- [TASK DATA]
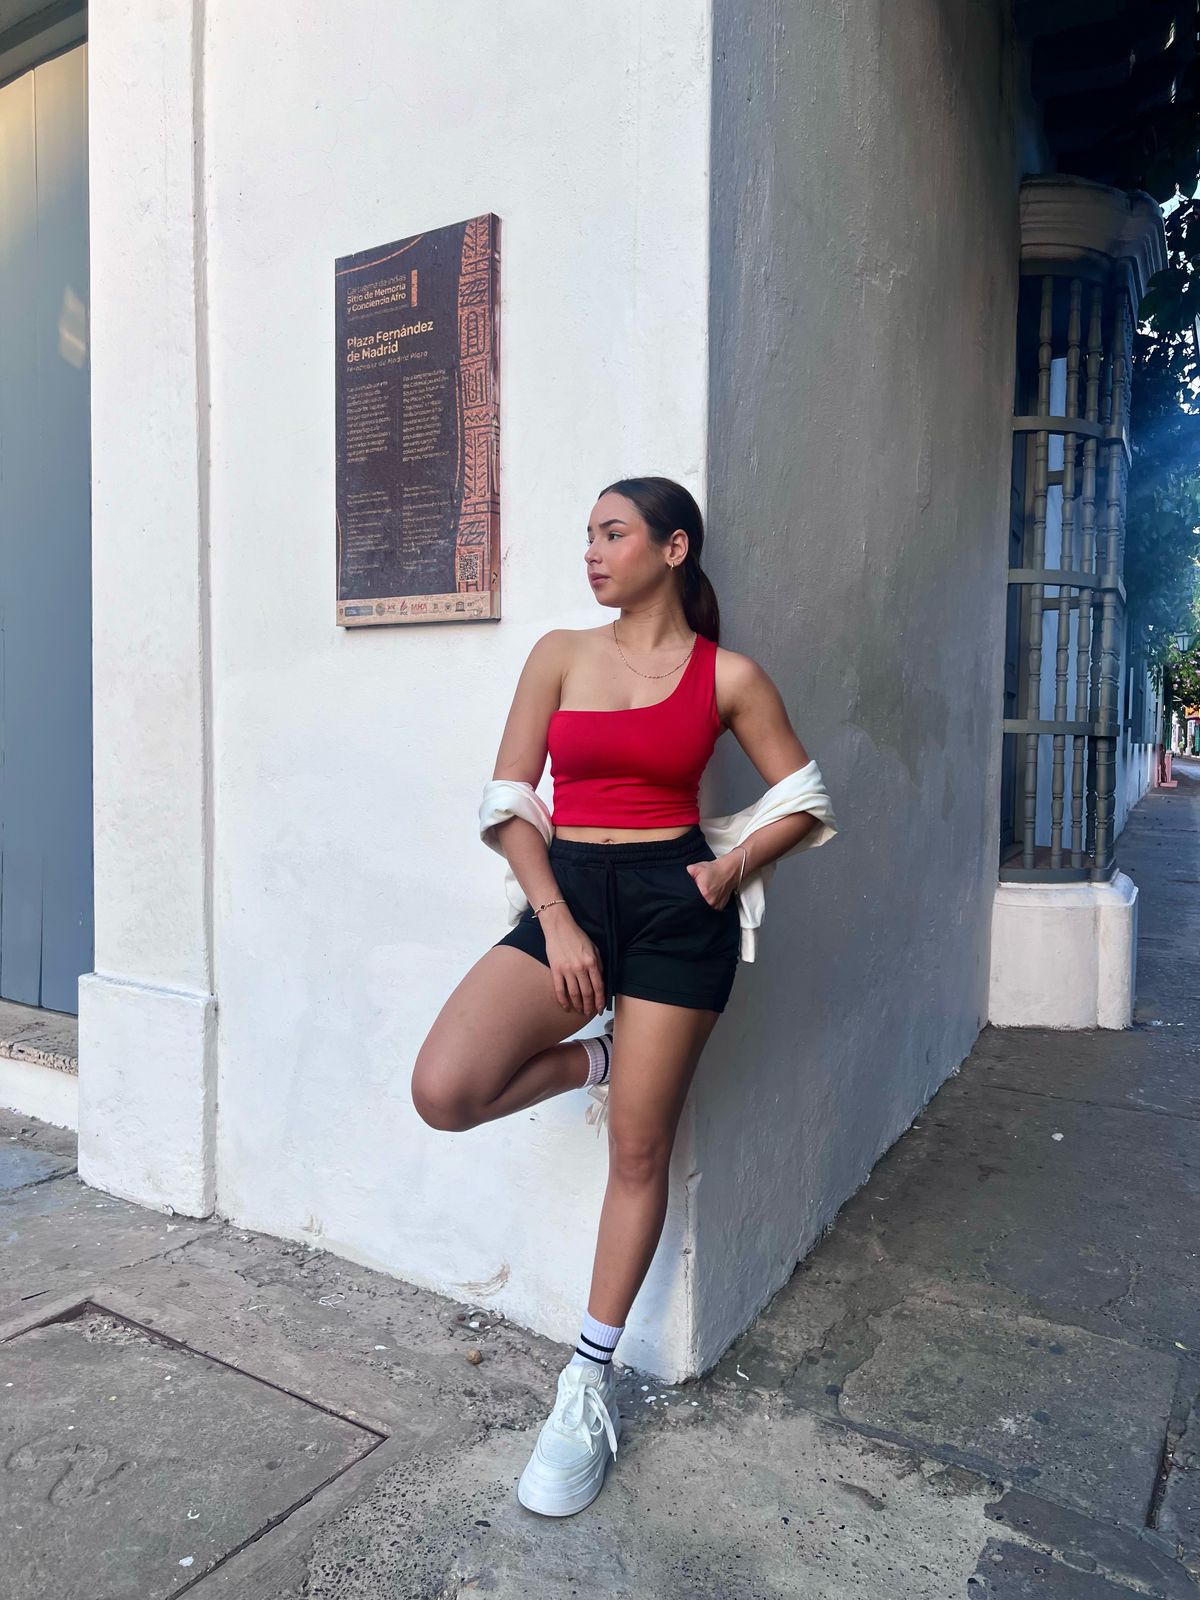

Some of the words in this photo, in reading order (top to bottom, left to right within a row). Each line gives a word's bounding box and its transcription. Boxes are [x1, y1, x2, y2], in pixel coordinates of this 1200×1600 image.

[346, 307, 351, 315] y
[352, 296, 390, 312] Conciencia
[391, 292, 407, 303] Afro
[347, 294, 364, 305] Sitio
[364, 291, 374, 300] de
[375, 283, 406, 297] Memoria
[347, 335, 375, 349] Plaza
[376, 320, 434, 343] Fernández
[347, 350, 360, 363] de
[362, 341, 399, 360] Madrid

- [WHAT YOU SHOULD DO]
Return all entries preceding this task exactly as they stand, leaving any picture out.

- [REPLY TO THE EXERCISE]
Some of the words in this photo, in reading order (top to bottom, left to right within a row). Each line gives a word's bounding box and its transcription. Boxes are [x1, y1, x2, y2], in pixel coordinates of this 1200×1600 image.

[346, 307, 351, 315] y
[352, 296, 390, 312] Conciencia
[391, 292, 407, 303] Afro
[347, 294, 364, 305] Sitio
[364, 291, 374, 300] de
[375, 283, 406, 297] Memoria
[347, 335, 375, 349] Plaza
[376, 320, 434, 343] Fernández
[347, 350, 360, 363] de
[362, 341, 399, 360] Madrid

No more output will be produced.